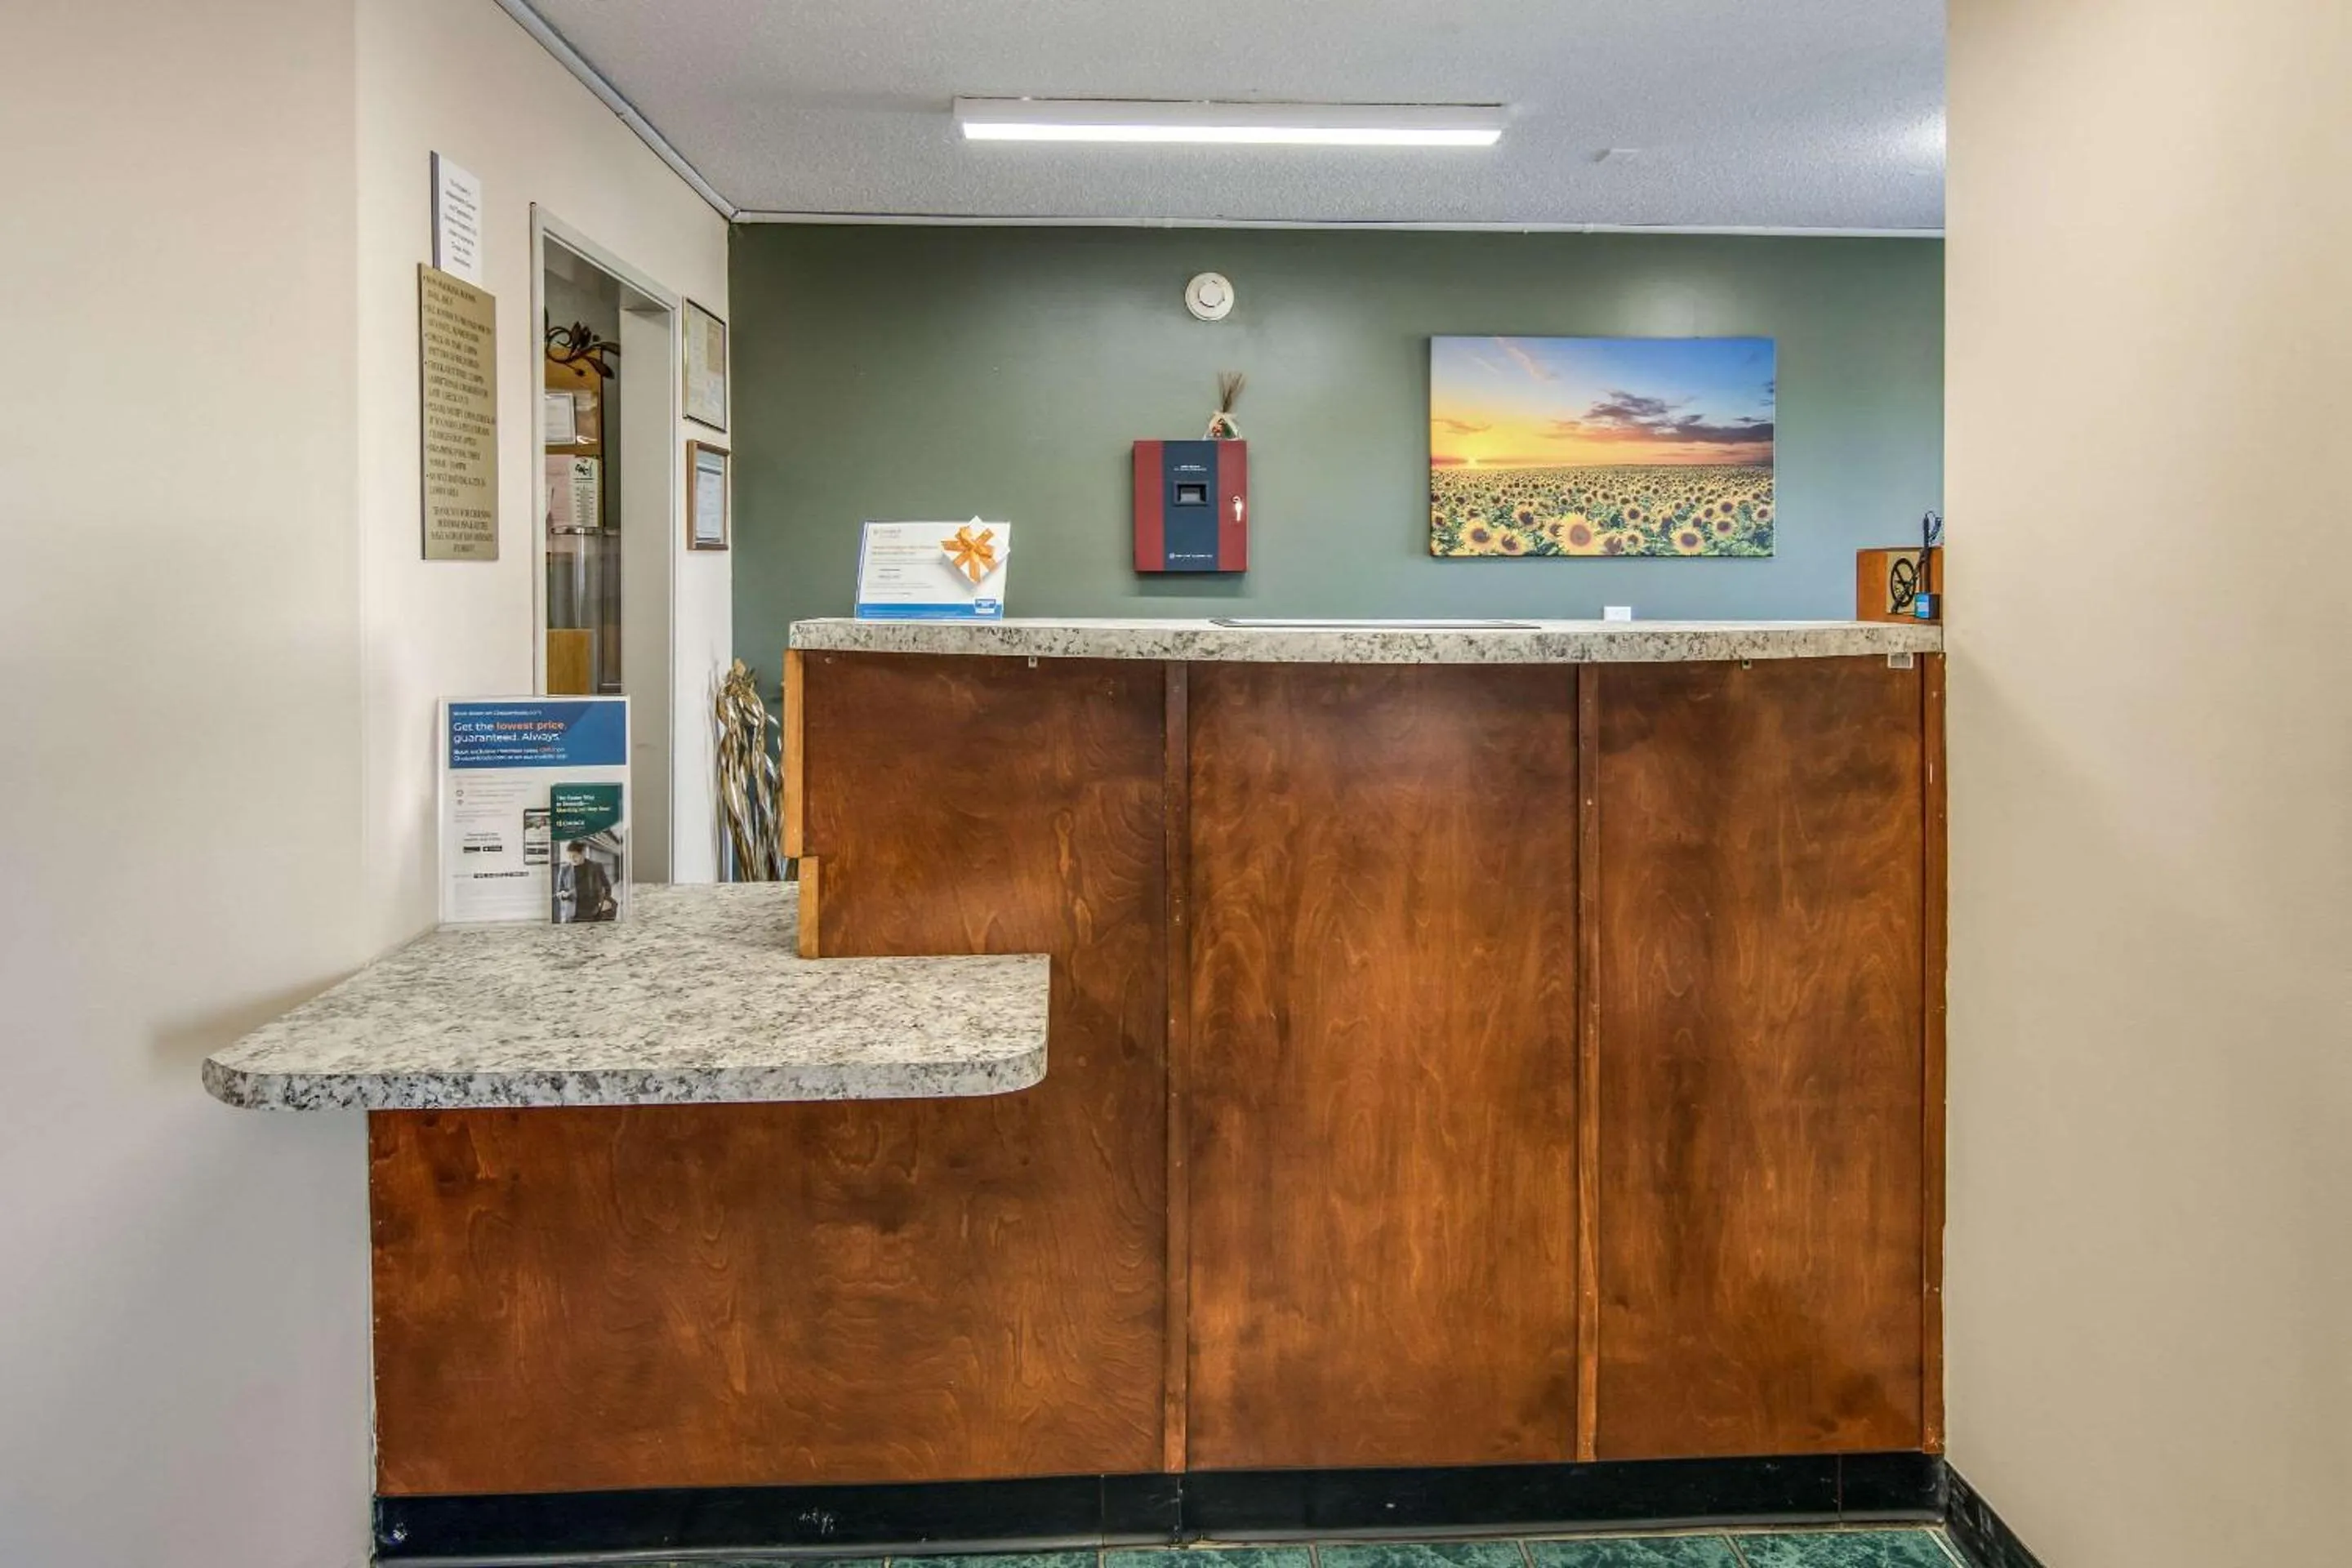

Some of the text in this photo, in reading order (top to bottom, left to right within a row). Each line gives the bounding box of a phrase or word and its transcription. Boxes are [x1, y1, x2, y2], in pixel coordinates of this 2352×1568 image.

[453, 722, 474, 731] Get
[476, 722, 494, 731] the
[497, 721, 534, 730] lowest
[453, 733, 520, 744] guaranteed.
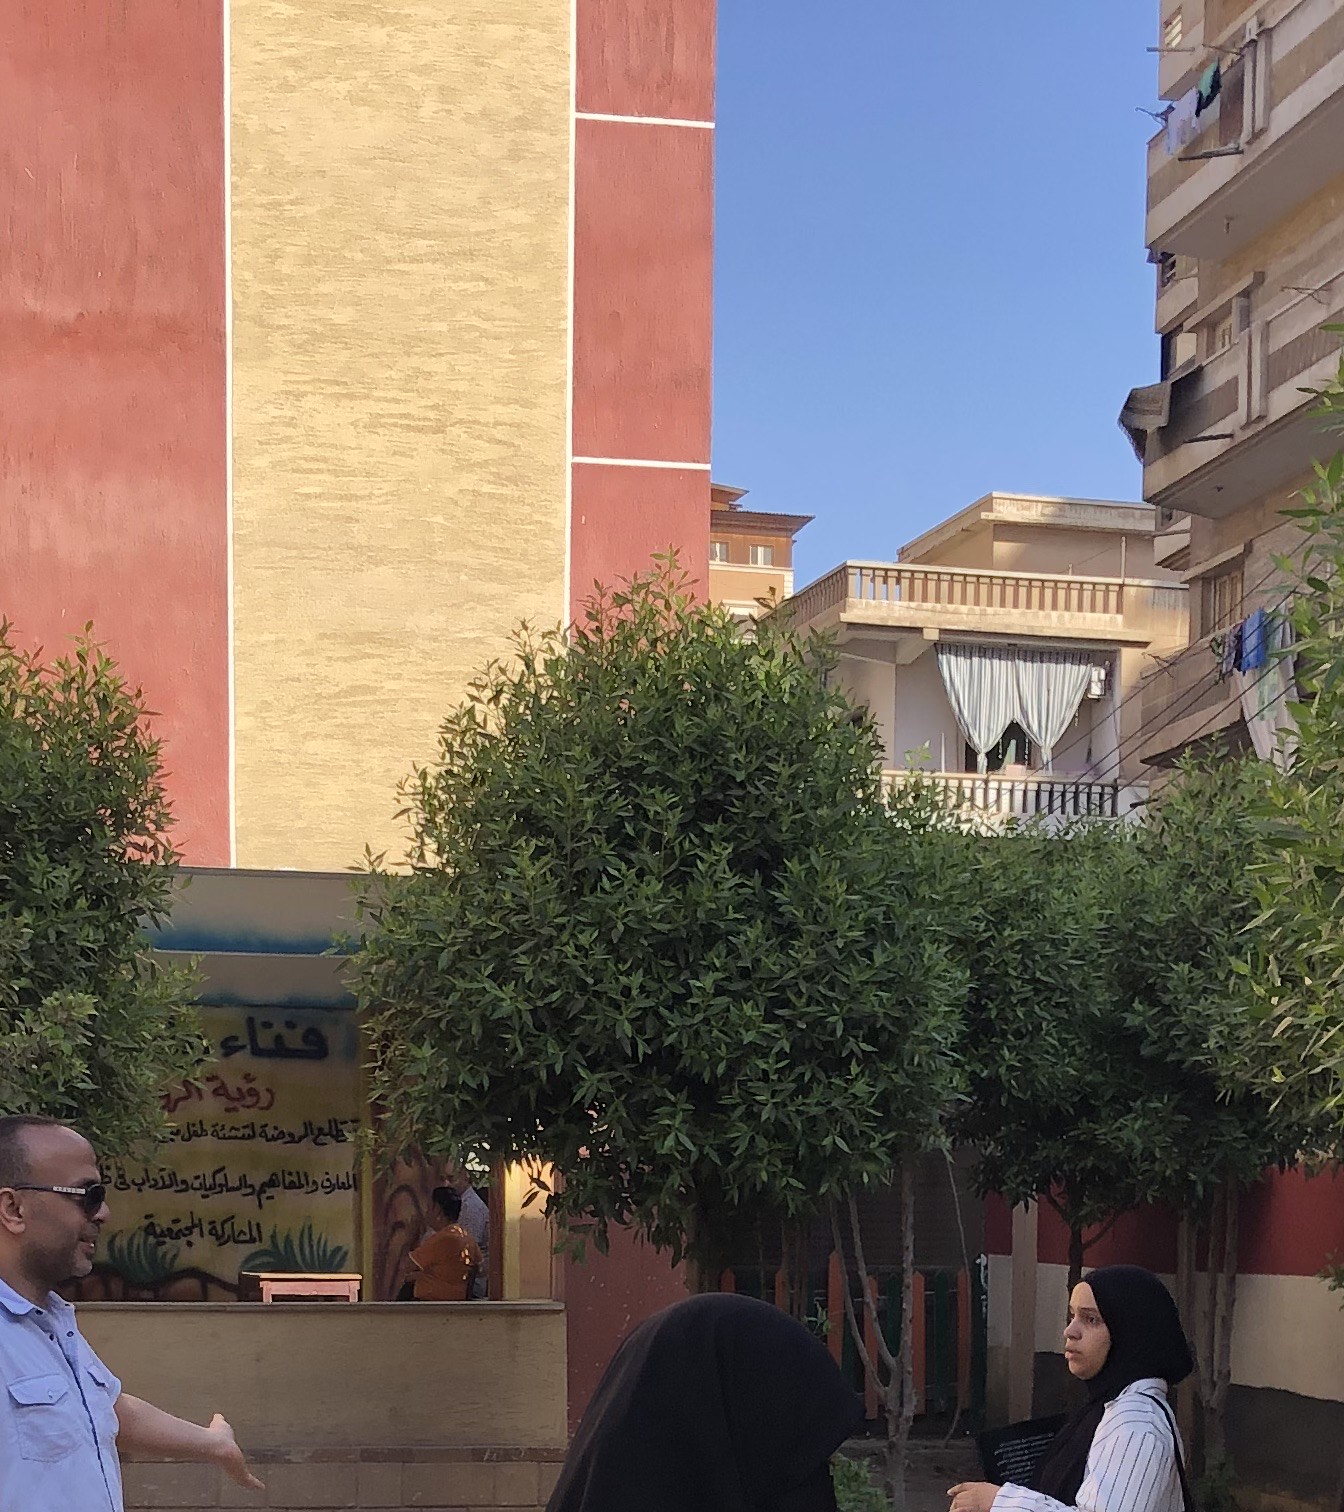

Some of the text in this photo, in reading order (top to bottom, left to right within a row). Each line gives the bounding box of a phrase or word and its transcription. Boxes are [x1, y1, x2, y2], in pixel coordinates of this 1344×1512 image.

[219, 1015, 331, 1060] فناء
[180, 1119, 209, 1142] طفل
[258, 1119, 316, 1145] الروضة
[256, 1168, 319, 1211] والمفاهيم
[320, 1171, 358, 1195] المعارف
[143, 1210, 263, 1248] المشاركة المجتمعية

---

**Aim of the exercise:** Aside from the pictures, repeat the listing exactly.

**Written answer:**
Some of the text in this photo, in reading order (top to bottom, left to right within a row). Each line gives the bounding box of a phrase or word and its transcription. Boxes are [x1, y1, x2, y2], in pixel coordinates of this 2352×1568 image.

[453, 722, 474, 731] Get
[476, 722, 494, 731] the
[497, 721, 534, 730] lowest
[453, 733, 520, 744] guaranteed.

Some of the text in this photo, in reading order (top to bottom, left to right within a row). Each line gives the bounding box of a phrase or word and its transcription. Boxes are [x1, y1, x2, y2], in pixel coordinates of this 1344×1512 image.

[219, 1015, 331, 1060] فناء
[180, 1119, 209, 1142] طفل
[258, 1119, 316, 1145] الروضة
[256, 1168, 319, 1211] والمفاهيم
[320, 1171, 358, 1195] المعارف
[143, 1210, 263, 1248] المشاركة المجتمعية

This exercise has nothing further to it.